■ ENTRIES PROVIDED ■
/---

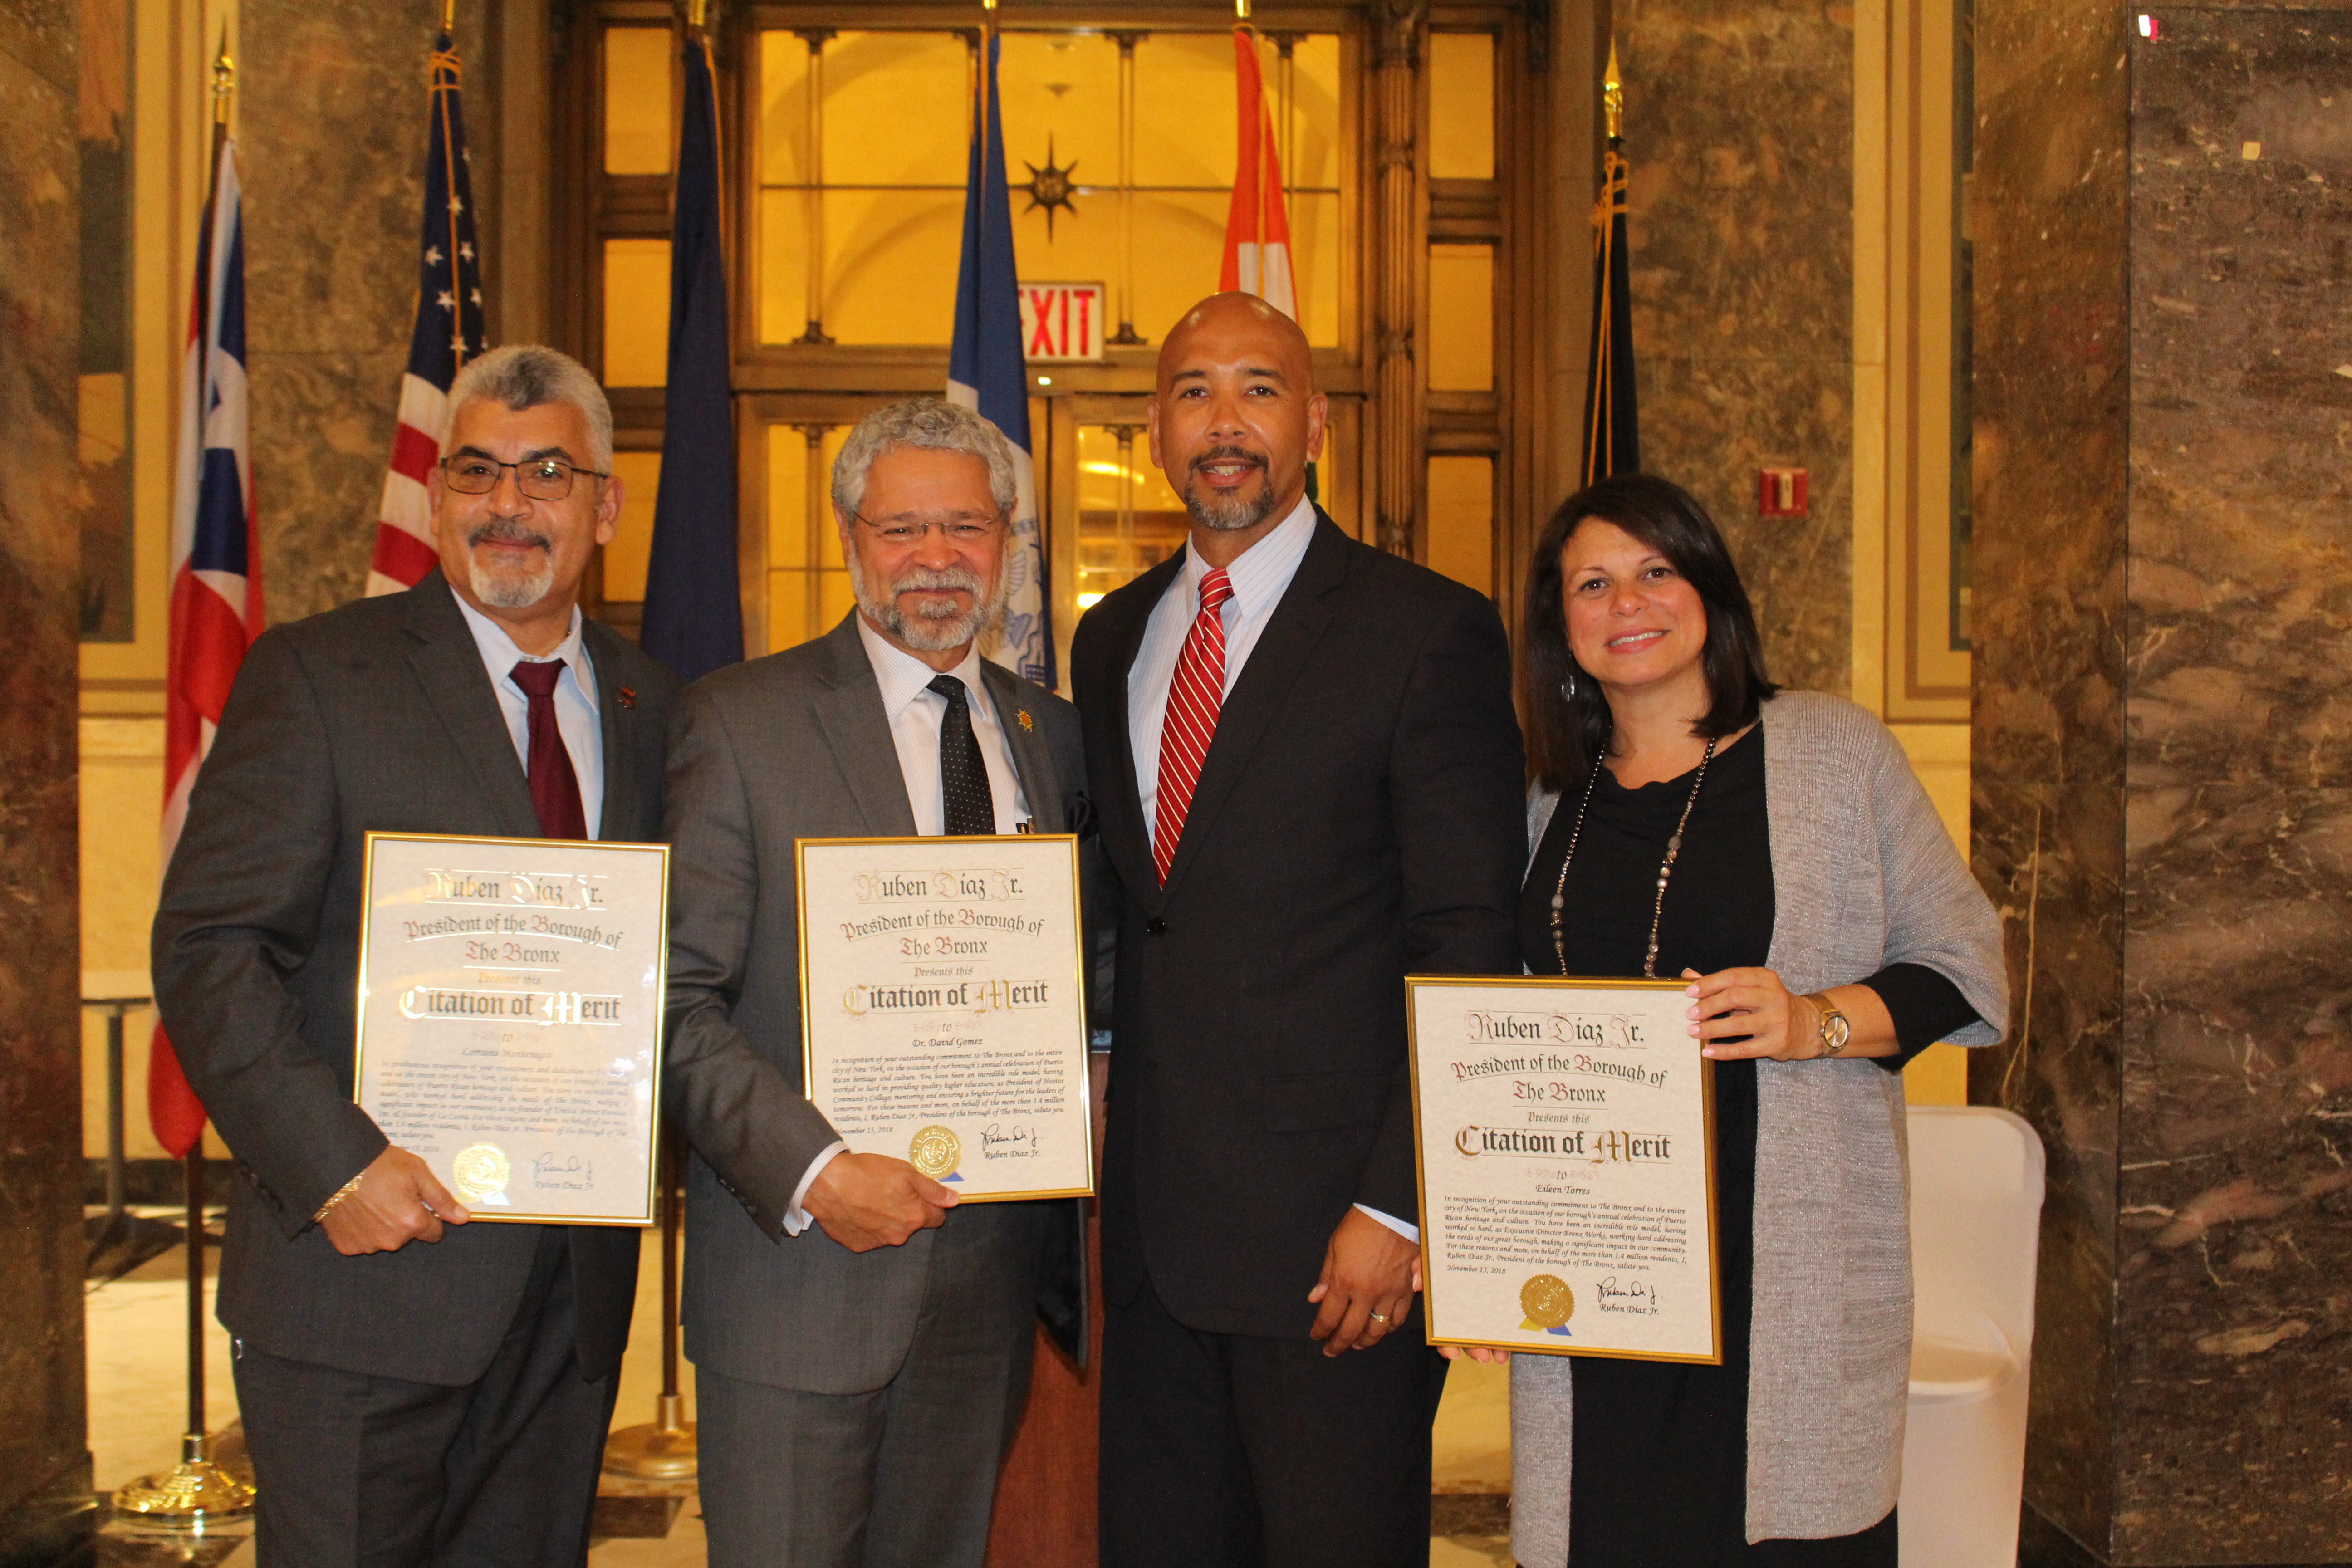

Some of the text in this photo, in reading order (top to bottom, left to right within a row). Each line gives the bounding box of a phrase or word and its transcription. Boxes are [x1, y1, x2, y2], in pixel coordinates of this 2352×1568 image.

[426, 872, 603, 910] Ruben Diaz Jr.
[856, 871, 1024, 901] Ruben Diaz Jr.
[403, 914, 623, 950] President of the Borough of
[840, 908, 1044, 941] President of the Borough of
[466, 941, 560, 963] The Bronx
[900, 936, 988, 960] The Bronx
[914, 965, 973, 978] Presents this
[399, 985, 622, 1026] Citation of Merit
[843, 980, 1048, 1015] Citation of Merit
[941, 1021, 952, 1032] to
[1465, 1010, 1645, 1049] Ruben Diaz Jr.
[502, 1033, 513, 1043] to
[913, 1037, 983, 1049] Dr. David Gomez
[841, 1057, 874, 1065] recognition
[875, 1055, 882, 1064] of
[898, 1054, 935, 1063] outstanding
[1451, 1054, 1668, 1089] President of the Borough of
[1512, 1080, 1606, 1103] The Bronx
[1527, 1111, 1590, 1124] Presents this
[878, 1125, 893, 1133] 2018
[985, 1149, 1040, 1160] Ruben Diaz Jr.
[1455, 1125, 1671, 1164] Citation of Merit
[1557, 1170, 1567, 1180] to
[1536, 1184, 1591, 1195] Eileen Torres
[1488, 1197, 1495, 1205] of
[1512, 1199, 1549, 1208] outstanding
[1612, 1204, 1632, 1212] Bronx
[1456, 1205, 1463, 1213] of
[1481, 1206, 1498, 1215] York,
[1546, 1210, 1553, 1218] of
[1566, 1210, 1596, 1221] borough's
[1621, 1214, 1655, 1222] celebration
[1656, 1216, 1663, 1225] of
[1465, 1214, 1490, 1224] heritage
[1641, 1225, 1661, 1233] model,
[1664, 1226, 1686, 1235] having
[1475, 1234, 1482, 1243] of
[1512, 1236, 1539, 1246] borough,
[1541, 1238, 1564, 1248] making
[1571, 1239, 1604, 1249] significant
[1650, 1246, 1686, 1254] community.
[1477, 1225, 1493, 1233] hard,
[1503, 1226, 1534, 1235] Executive
[1584, 1231, 1607, 1239] Works,
[1609, 1233, 1636, 1242] working
[1653, 1234, 1686, 1245] addressing
[1599, 1303, 1659, 1316] Ruben Diaz Jr.

\---

Reproduce the data in full. Do not carry over any picture.

Some of the text in this photo, in reading order (top to bottom, left to right within a row). Each line gives the bounding box of a phrase or word and its transcription. Boxes are [x1, y1, x2, y2], in pixel coordinates of this 2352×1568 image.

[426, 872, 603, 910] Ruben Diaz Jr.
[856, 871, 1024, 901] Ruben Diaz Jr.
[403, 914, 623, 950] President of the Borough of
[840, 908, 1044, 941] President of the Borough of
[466, 941, 560, 963] The Bronx
[900, 936, 988, 960] The Bronx
[914, 965, 973, 978] Presents this
[399, 985, 622, 1026] Citation of Merit
[843, 980, 1048, 1015] Citation of Merit
[941, 1021, 952, 1032] to
[1465, 1010, 1645, 1049] Ruben Diaz Jr.
[502, 1033, 513, 1043] to
[913, 1037, 983, 1049] Dr. David Gomez
[841, 1057, 874, 1065] recognition
[875, 1055, 882, 1064] of
[898, 1054, 935, 1063] outstanding
[1451, 1054, 1668, 1089] President of the Borough of
[1512, 1080, 1606, 1103] The Bronx
[1527, 1111, 1590, 1124] Presents this
[878, 1125, 893, 1133] 2018
[985, 1149, 1040, 1160] Ruben Diaz Jr.
[1455, 1125, 1671, 1164] Citation of Merit
[1557, 1170, 1567, 1180] to
[1536, 1184, 1591, 1195] Eileen Torres
[1488, 1197, 1495, 1205] of
[1512, 1199, 1549, 1208] outstanding
[1612, 1204, 1632, 1212] Bronx
[1456, 1205, 1463, 1213] of
[1481, 1206, 1498, 1215] York,
[1546, 1210, 1553, 1218] of
[1566, 1210, 1596, 1221] borough's
[1621, 1214, 1655, 1222] celebration
[1656, 1216, 1663, 1225] of
[1465, 1214, 1490, 1224] heritage
[1641, 1225, 1661, 1233] model,
[1664, 1226, 1686, 1235] having
[1475, 1234, 1482, 1243] of
[1512, 1236, 1539, 1246] borough,
[1541, 1238, 1564, 1248] making
[1571, 1239, 1604, 1249] significant
[1650, 1246, 1686, 1254] community.
[1477, 1225, 1493, 1233] hard,
[1503, 1226, 1534, 1235] Executive
[1584, 1231, 1607, 1239] Works,
[1609, 1233, 1636, 1242] working
[1653, 1234, 1686, 1245] addressing
[1599, 1303, 1659, 1316] Ruben Diaz Jr.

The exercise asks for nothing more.